According to a 2024 New York Times article by Peter S. Goodman, towns that have been devastated by the outsourcing of manufacturing to China and lower-priced imports from Mexico are seeing a resurgence thanks to the investments in high-technology manufacturing.
Manufacturing plants in small towns can make-or-break those communities. Often employing a large number of the town’s population, manufacturing plants provide consistent work and income from one generation to the next and help to maintain population stability. When one company establishes a manufacturing plant that often leads to other companies establishing their manufacturing facilities and distribution centers in the region too. Small independent business is created to support these larger enterprises and their employees.
When such a large employer closes, there is a ripple effect upon the community, such as lost taxes, less utility revenue, and lost wages to spend money on in shops, restaurants, and supplier companies.
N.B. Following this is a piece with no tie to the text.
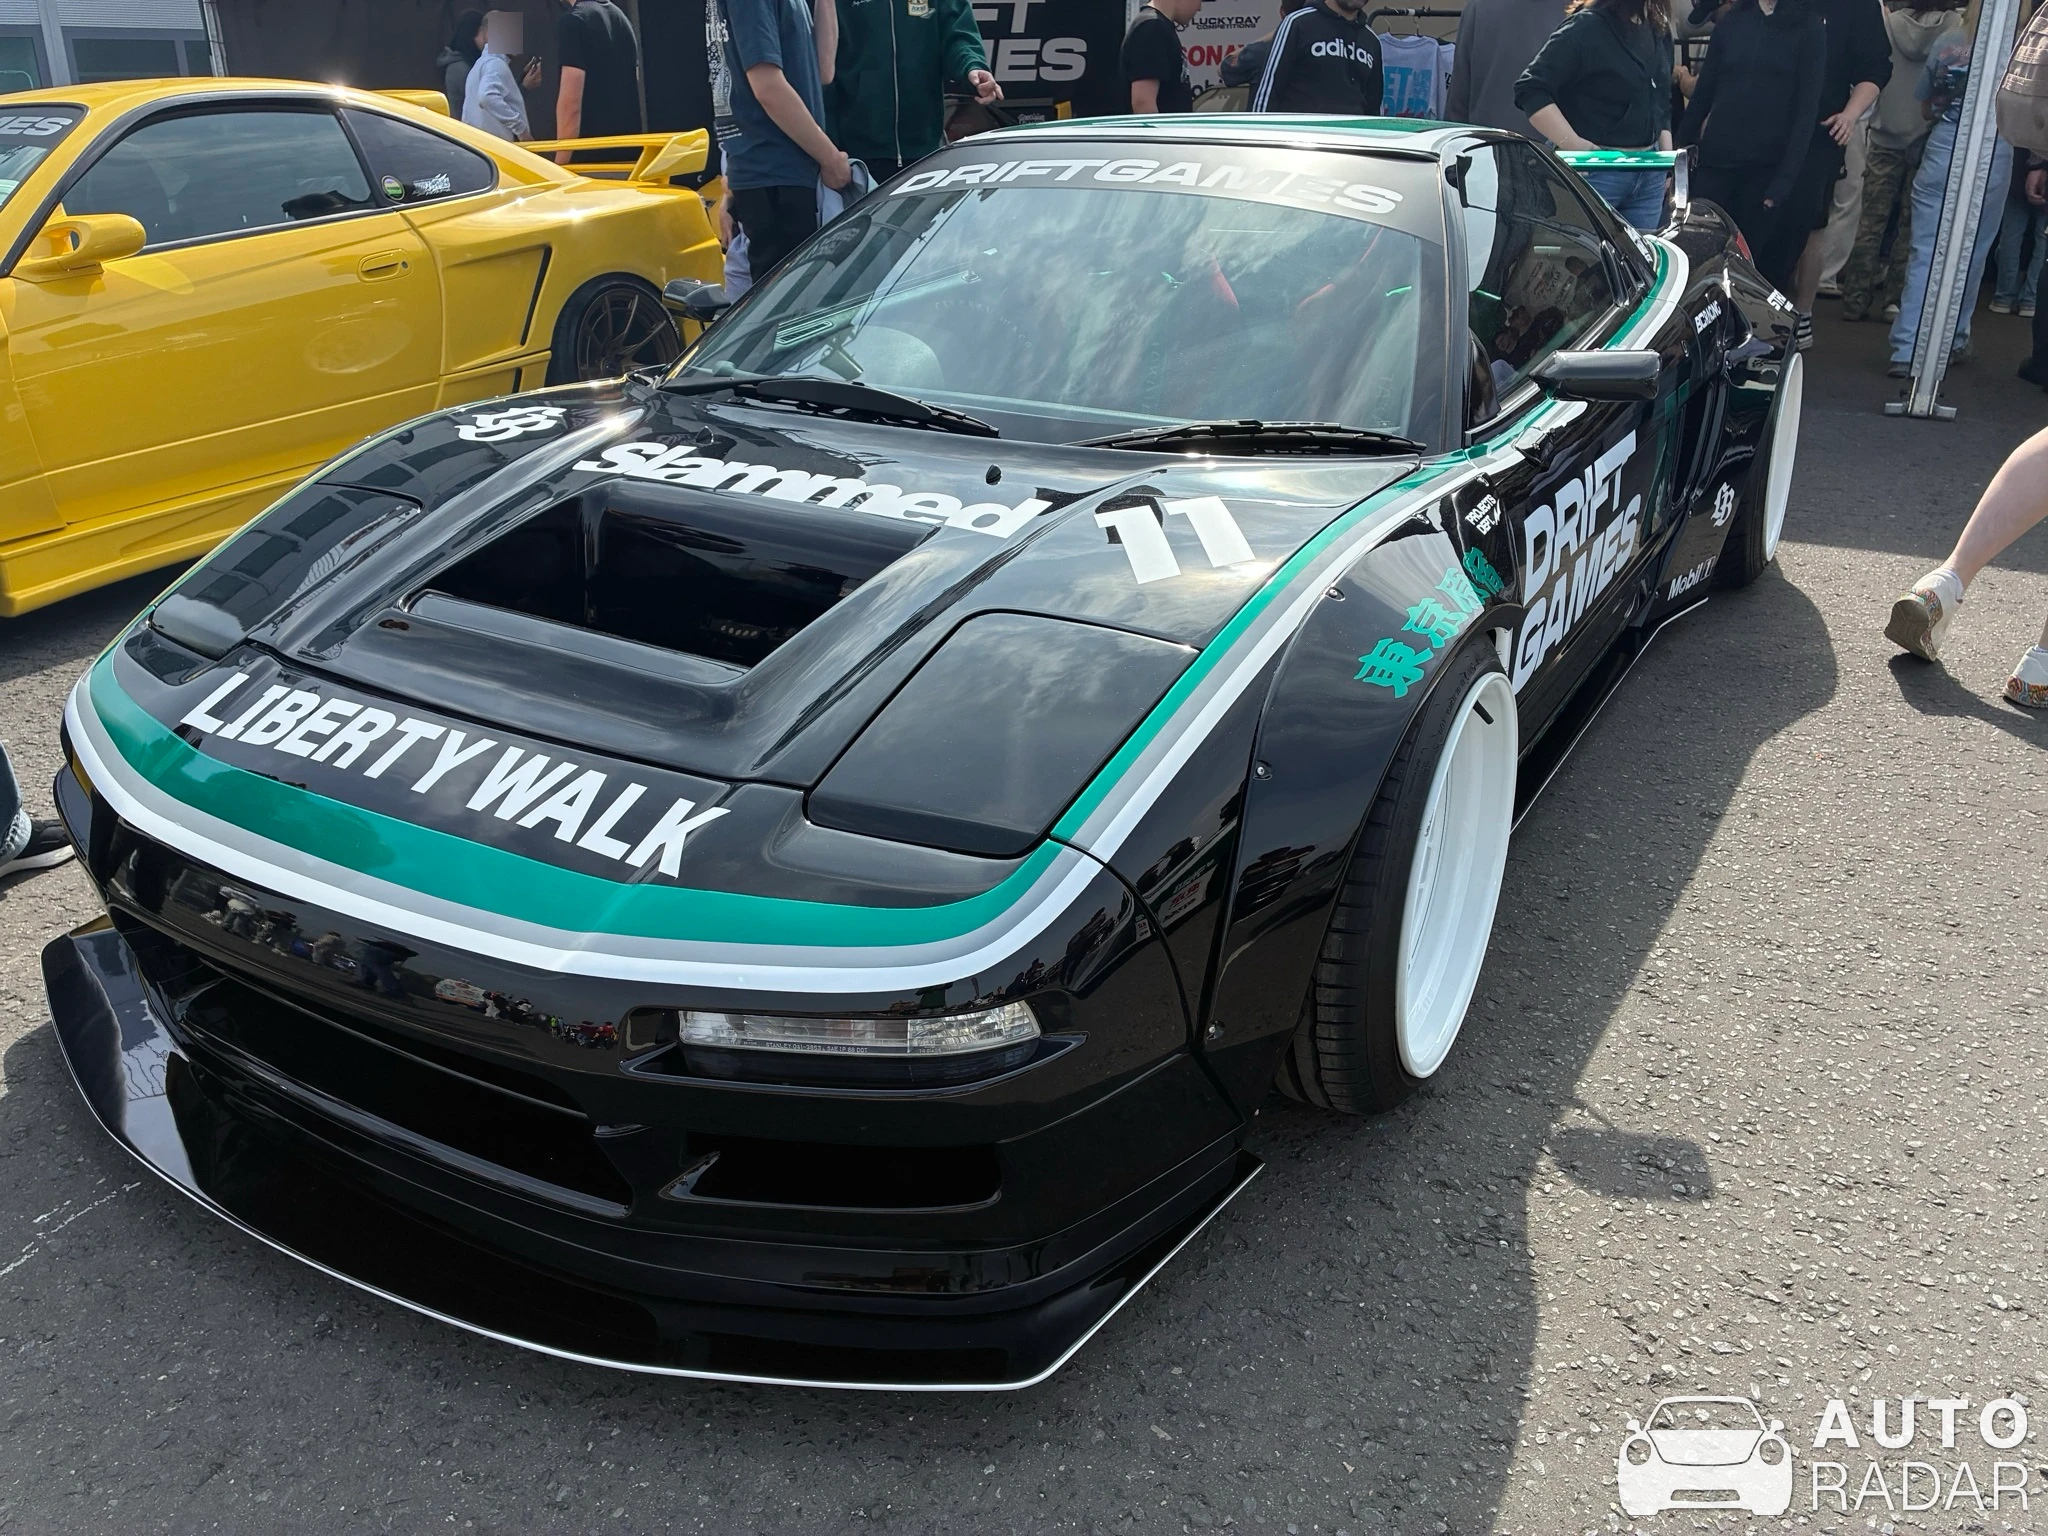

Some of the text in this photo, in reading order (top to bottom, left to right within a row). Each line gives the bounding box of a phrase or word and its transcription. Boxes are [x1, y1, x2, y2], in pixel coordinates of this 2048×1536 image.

People’s personal lives are affected. In close-knit towns like these, it’s not always so easy to just pack up and move to another location, especially when one’s career has been spent at the same manufacturing job working for the same employer, and when there are family considerations.
This is why it was so heartening to read Mr. Goodman’s article. After decades of hardship to many small communities—such as those that I visited when I worked for a large apparel manufacturer in the early 1990s—these small towns are seeing a manufacturing boom with investments in facilities for the manufacturing of computer chips, electric vehicles, and biotechnology. Some of this has been aided by U.S. government programs such as the CHIPS and Science Act. Other initiatives have been led by well-known companies with incentives at the county and state level.
What has helped these small towns make their comebacks was the realization that many of them already had the foundational infrastructure in place, e.g., old textile factories that utilized large volumes of water would make excellent manufacturing facilities for computer chips that have the same water requirement. What was once old is now new again.
As reported by 60 Minutes on Dec. 4, 2016, a once economically devastated area of Mississippi was able to attract new manufacturers by investing in infrastructure and proving that they had the workforce that could be trained for new roles. As exampled in this televised piece, a former quality manager at a shuttered slaughterhouse was retrained to be a quality manager at an engine production facility. The employee already knew quality, it was just a matter of updating her education on what she was reviewing for quality. And after several months of training, she settled into her new job at a significantly higher salary.
Despite the hardships that many small towns have endured over the past several decades as their communities have struggled due to outsourcing, the future of these municipalities is bright thanks to multi-billion-dollar investments in cutting-edge technologies that will result in skilled workforces, high salaries, thriving places to live, and products proudly produced right here.